Proteomics analysis of NAD+ depletion combined with reovirus infection in KMS12 multiple myeloma cells
Description
Proteomics dataset of multiple myeloma cancer cell lines infected with reovirus and/or in the context of NAD+ synthesis inhibition. Experimentally, the human multiple myeloma cell line (KMS12PE) were infected or not (not-treated [NT]) with reovirus (Reo, multitude of infectivity of 10) and/or treated with NAMPT inhibitor FK866 (FK, 20 nM) and/or NAMPT product, NMN (100 uM) for 24 hours. Trypsin-digested peptides were labeled using TMT 11-plex reagents as described previously (doi.org/10.1074/mcp.M114.045849). TMT11-labeled samples were fractionated using high-pH reverse-phase chromatography performed with an Onyx monolithic 100 × 4.6-mm C18 column (Phenomenex). Fractions were desalted using homemade Stage Tips, lyophilized, and analyzed with an Orbitrap Velos Mass Spectrometer (Thermo Fisher Scientific) using an MS3 method as described previously (doi.org/10.1074/mcp.M114.045849).
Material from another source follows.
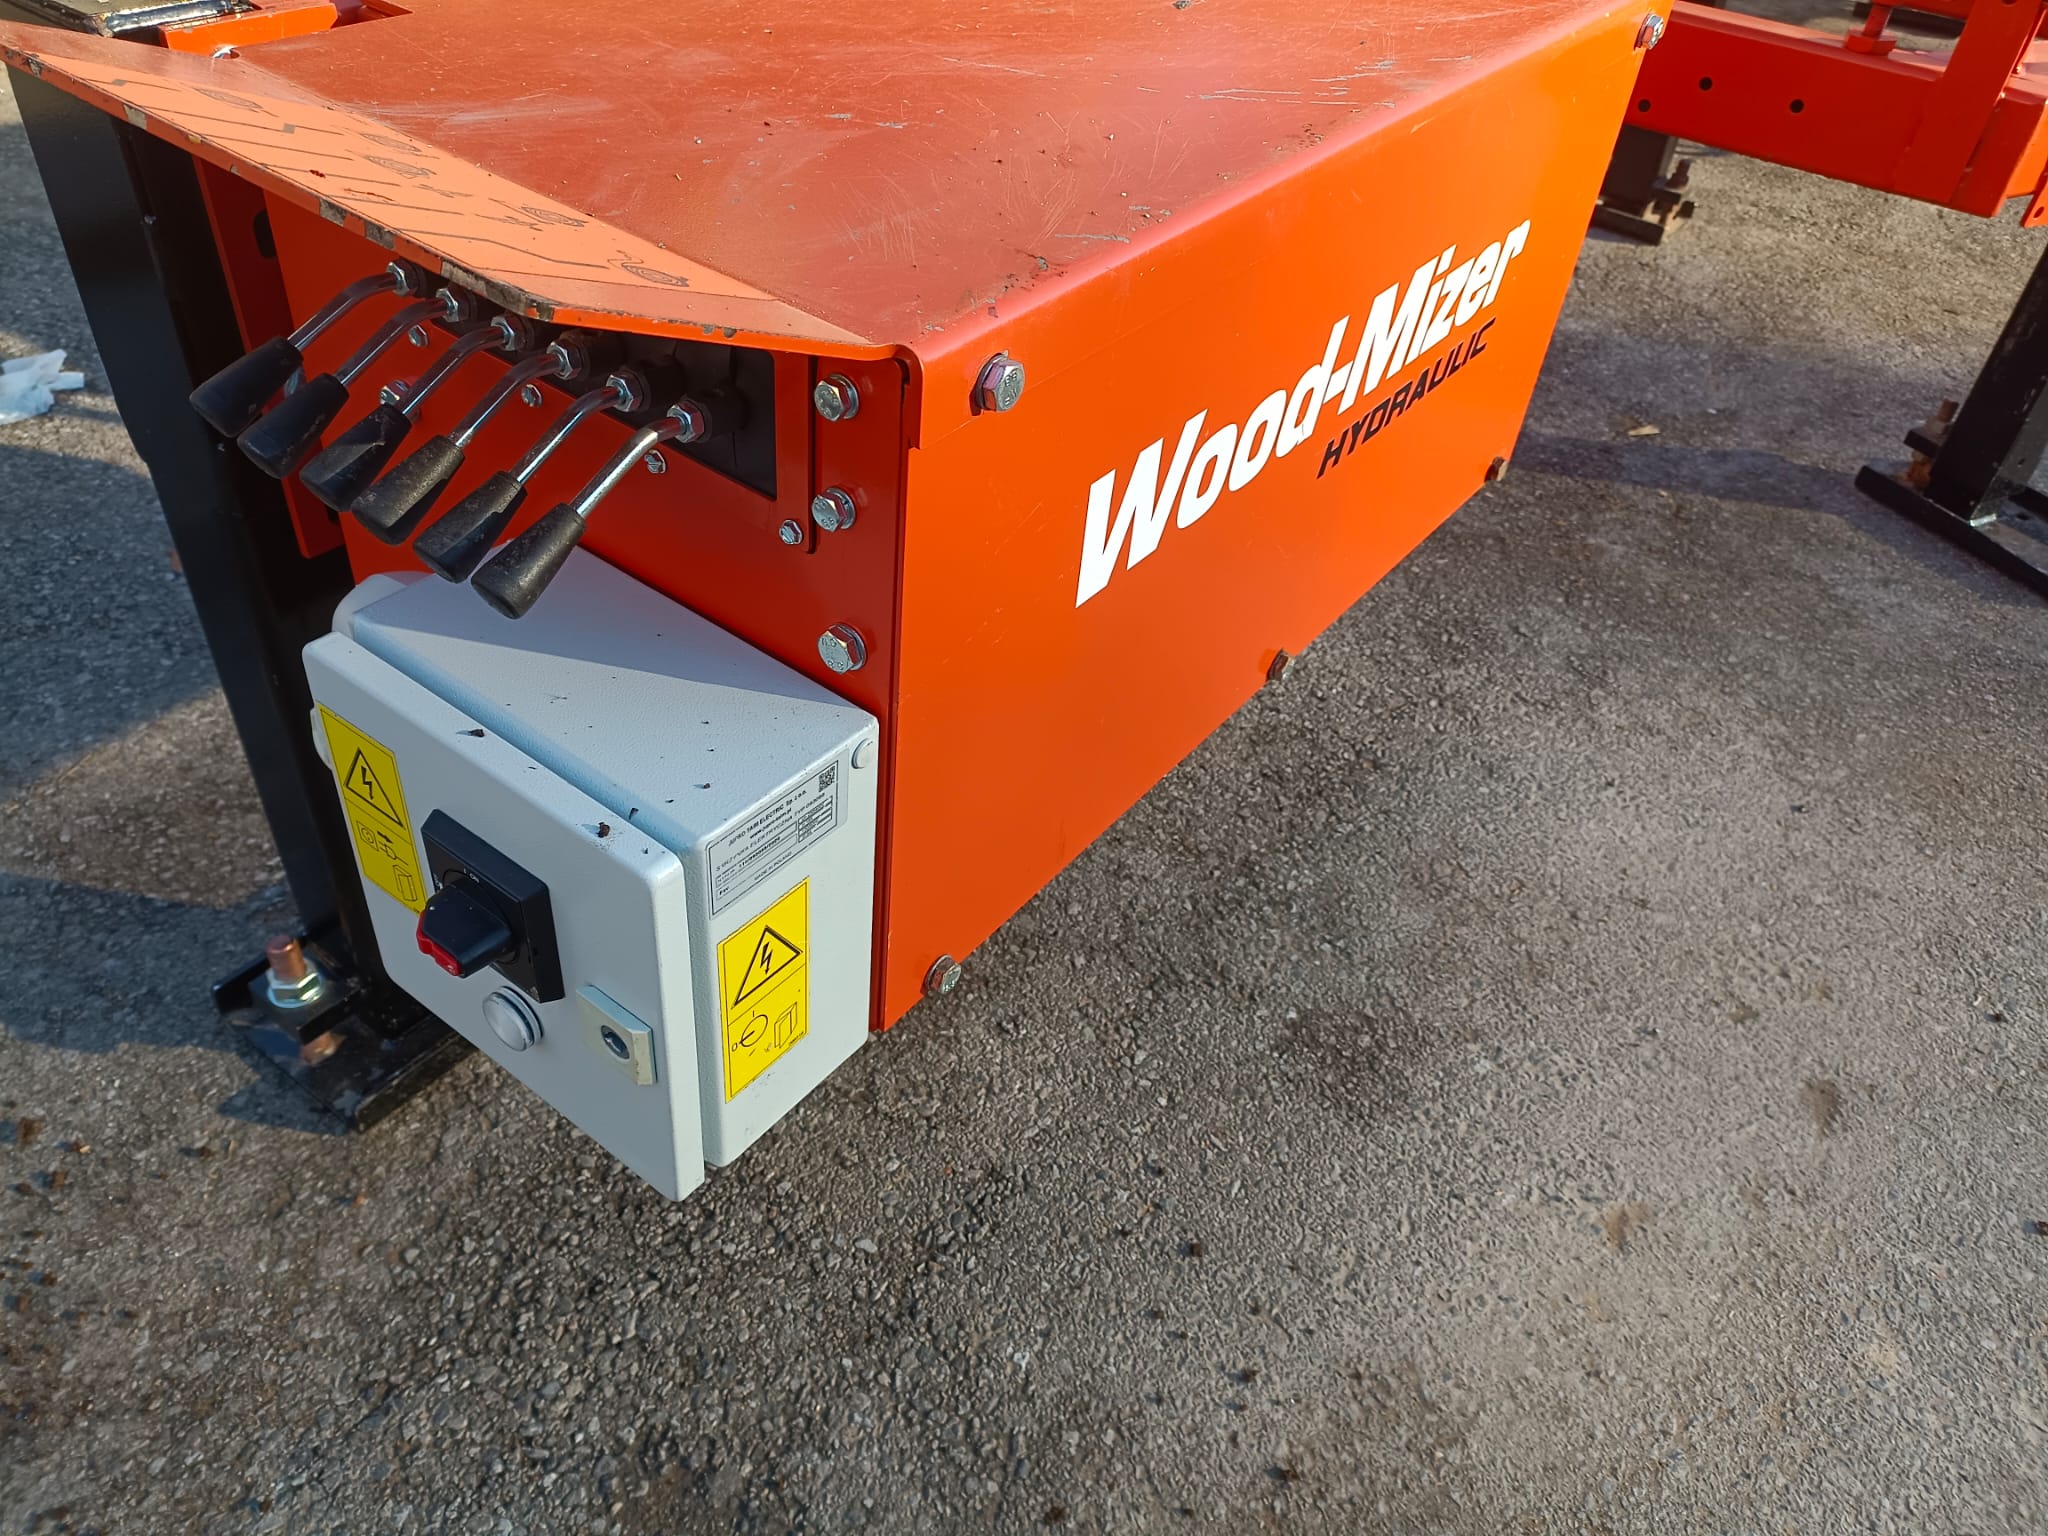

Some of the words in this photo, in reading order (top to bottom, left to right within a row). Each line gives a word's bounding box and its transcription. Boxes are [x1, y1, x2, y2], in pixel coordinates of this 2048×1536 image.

Protein identification was performed using a database search against a mouse proteome database (downloaded from UniProtKB in September 2014) concatenated to a mammalian orthoreovirus 3 (Dearing strain) database (downloaded from UniProtKB in September 2014). All FDR filtering and protein quantitation was performed as described previously (doi.org/10.1074/mcp.M114.045849). A protein was required to have a minimum total signal-to-noise ratio of 100 in all TMT reporter channels.